Crouching on a boardwalk suspended over an ancient peatland, I’ve just watched a round-leafed sundew plant ensnare a Scottish midge – one tiny instance of the bog acquiring the resources necessary to sustain the otherworldly landscape of Flow Country, in Caithness and Sutherland in the north of Scotland.
The vibrant sundew, which measures only an inch or so across, is surrounded by the more sober greens and earthy reds of sphagnum mosses. Though less flashy, sphagnum is arguably far more remarkable than the carnivorous sundew. It’s a plant that seems to carry its habitat with it, able to hold 20 times its weight in water and containing less solids than milk. If you pick up a living strand of sphagnum, one end looks much like the other because it has no roots. Each wet green frond sits in the middle of a chaos of other fronds, all saturated in water and perched on top of their predecessors.
Sphagnum is the plant largely responsible for creating the unique habitat of the Flow Country. It has grown here for 10,000 years or more, since the onset of a cool, wet climate in northern Scotland at the end of the Pleistocene era. As countless generations of sphagnum have germinated, died and been buried, these mosses have formed a bog that has locked in 400 million tonnes of carbon – more than three times the amount stored in all of Britain’s woodlands.
“The bog plants function very much like a forest – they photosynthesise and create biomass. Moss and trees are not very much different in that respect,” says Roxane Andersen, professor of peatland science at the University of the Highlands and Islands in northern Scotland. But, compared with forests, there is a crucial difference in a healthy bog. “The conditions in the bog aren’t very good for decomposition, so the carbon makes its way from biomass to peat.”
The bog’s 10,000-or-so year history is coming to an abrupt turning point. With climate change escalating, warmer summers and frequent droughts risk drying the bogs out, releasing their carbon. The risk is that bog degradation becomes a runaway train. “Peatlands that are already degraded are likely to degrade further,” says Andersen. “Drought and wildfires are more likely to affect peatlands that are not in good condition.”
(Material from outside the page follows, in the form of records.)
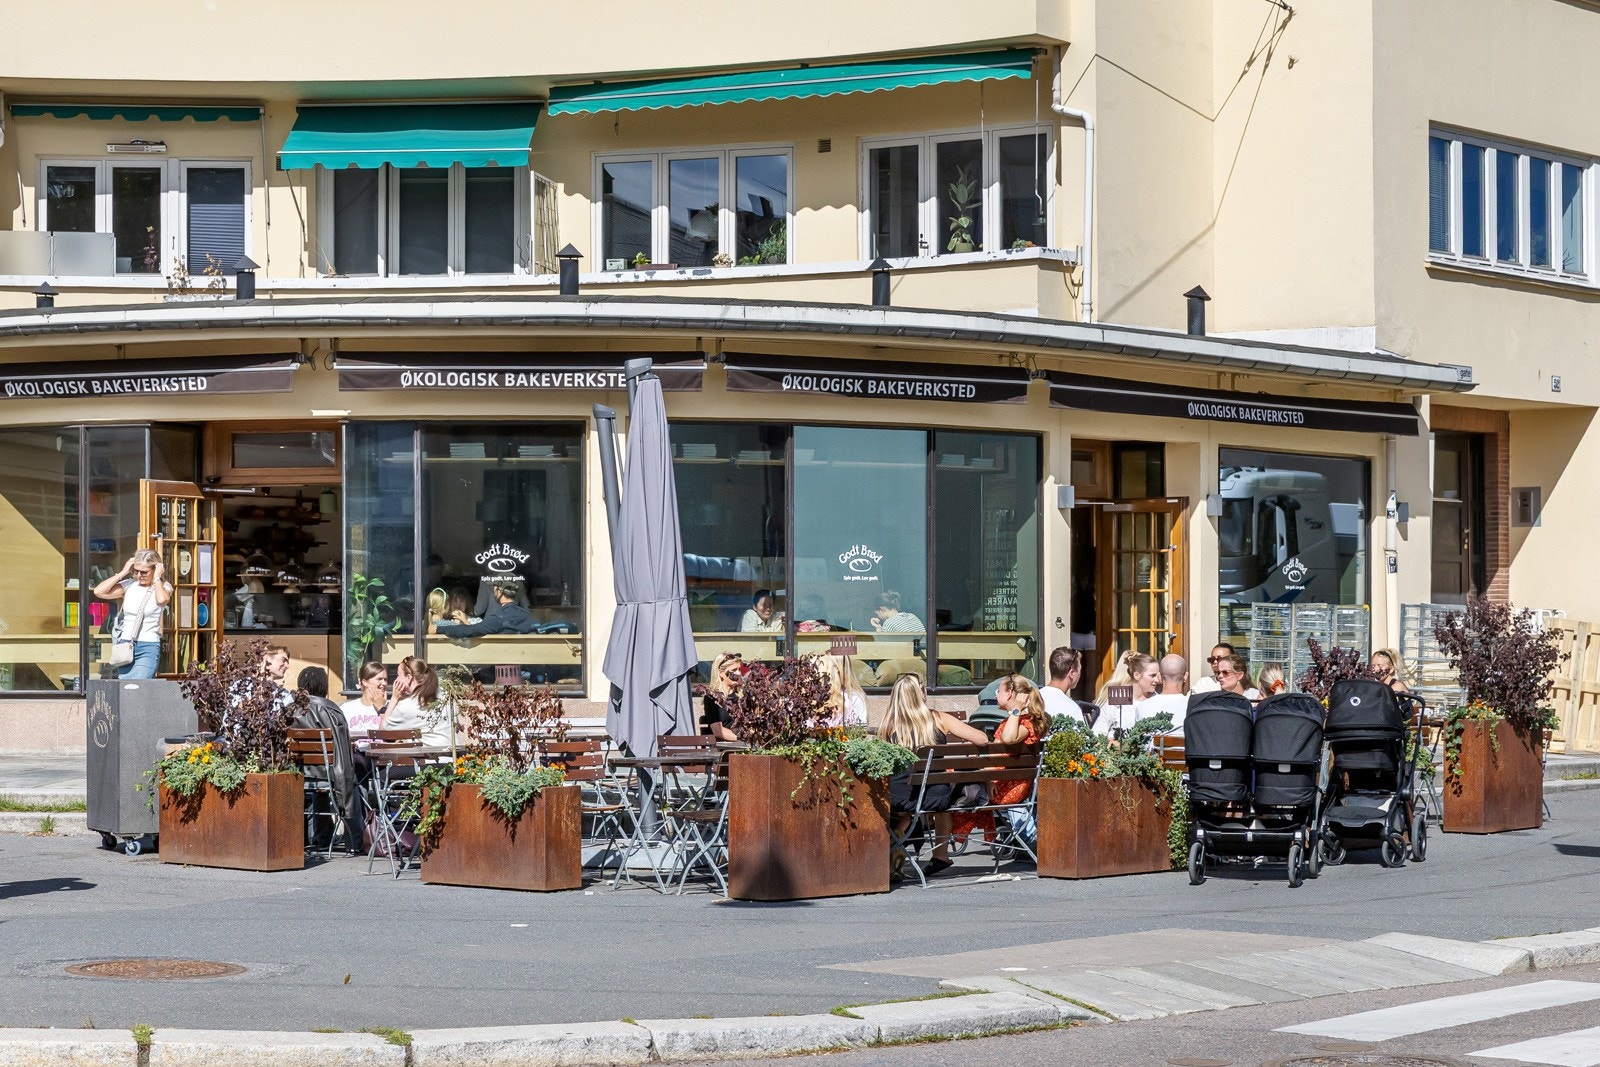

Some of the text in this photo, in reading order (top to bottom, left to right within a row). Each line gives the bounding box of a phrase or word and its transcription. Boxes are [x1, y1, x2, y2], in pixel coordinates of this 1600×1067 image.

[4, 376, 208, 398] ØKOLOGISK BAKEVERKSTED
[400, 371, 638, 388] ØKOLOGISK BAKEVERKSTE
[782, 374, 976, 398] ØKOLOGISK BAKEVERKSTED
[1188, 401, 1304, 424] ØKOLOGISK BAKEVERKSTED
[475, 544, 530, 564] Godt Brød
[838, 544, 883, 564] Godt Brød
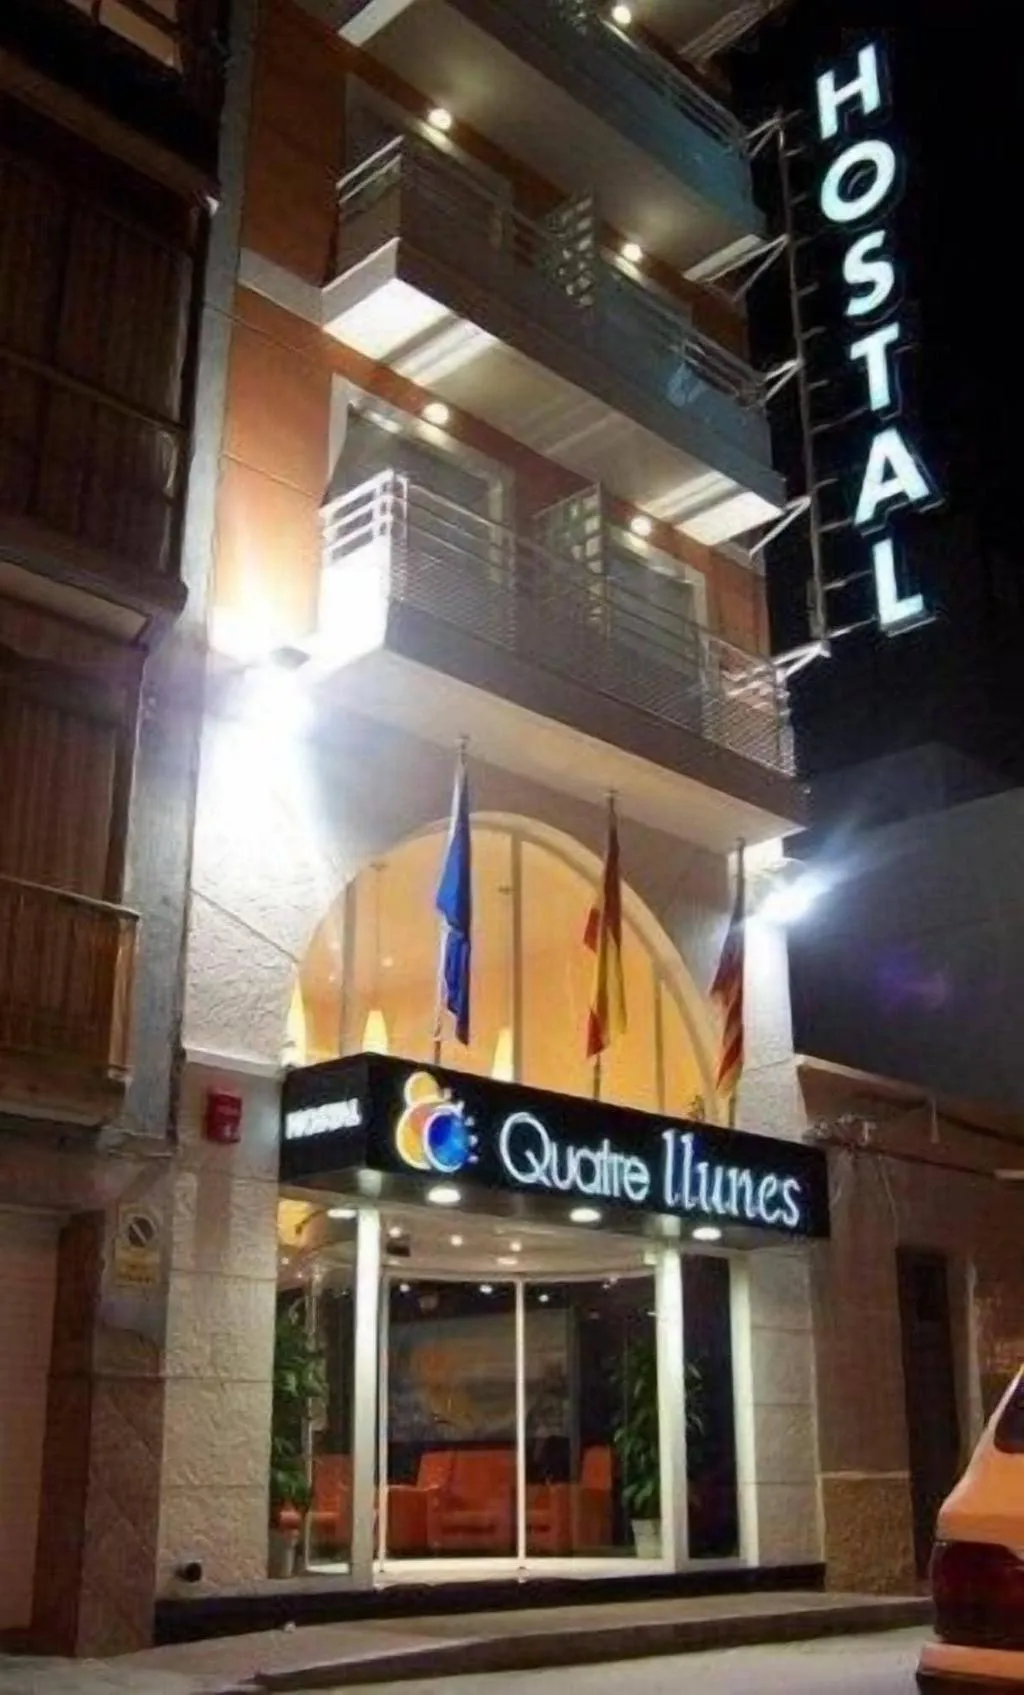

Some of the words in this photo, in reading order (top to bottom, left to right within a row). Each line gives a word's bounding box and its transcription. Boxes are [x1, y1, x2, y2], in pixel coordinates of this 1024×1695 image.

[816, 44, 929, 627] HOSTAL
[499, 1111, 651, 1201] Quatre
[662, 1128, 801, 1227] llunes
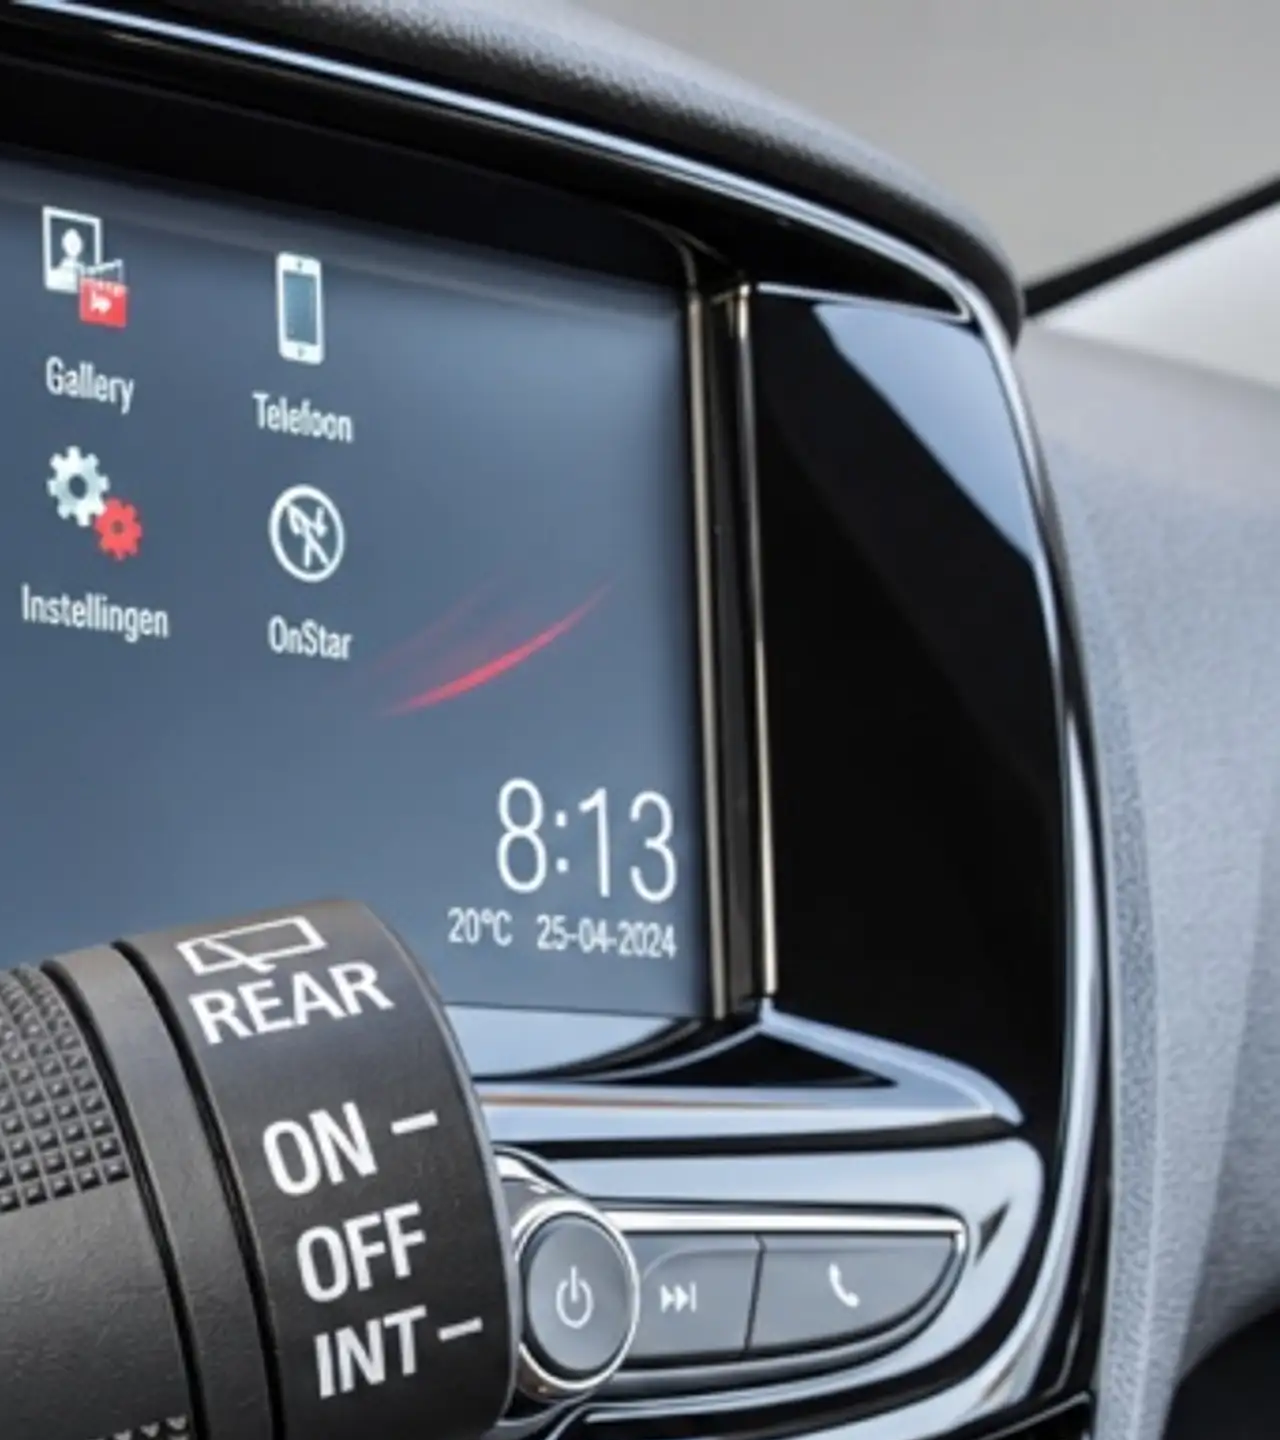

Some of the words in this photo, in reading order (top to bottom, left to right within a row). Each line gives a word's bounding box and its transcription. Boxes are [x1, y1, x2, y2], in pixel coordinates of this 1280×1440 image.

[45, 357, 134, 413] Gallery
[252, 392, 353, 443] Telefoon
[21, 584, 169, 641] Instellingen
[268, 616, 352, 660] OnStar
[496, 777, 678, 903] 8:13
[448, 907, 514, 946] 20°C
[537, 913, 677, 959] 25-04-2024
[188, 960, 394, 1045] REAR
[262, 1102, 378, 1196] ON
[296, 1202, 426, 1302] OFF
[314, 1305, 427, 1398] INT
There are, however, ways to make the bog more resilient and restore it to good health. With these interventions, alongside a rapid reduction in global carbon emissions, it’s hoped the bog could continue to absorb carbon and support a thriving rare ecosystem for many more years. Otherwise, Scotland’s bogs – which hold the equivalent of around 140 years of the nation’s greenhouse gases – could release their stores.
“The bogs can be our best ally or one of our worst enemies,” says Andersen.
The peat bogs of Flow Country are full of unusual plants specialised to the region’s cool, wet conditions (Credit: Alamy)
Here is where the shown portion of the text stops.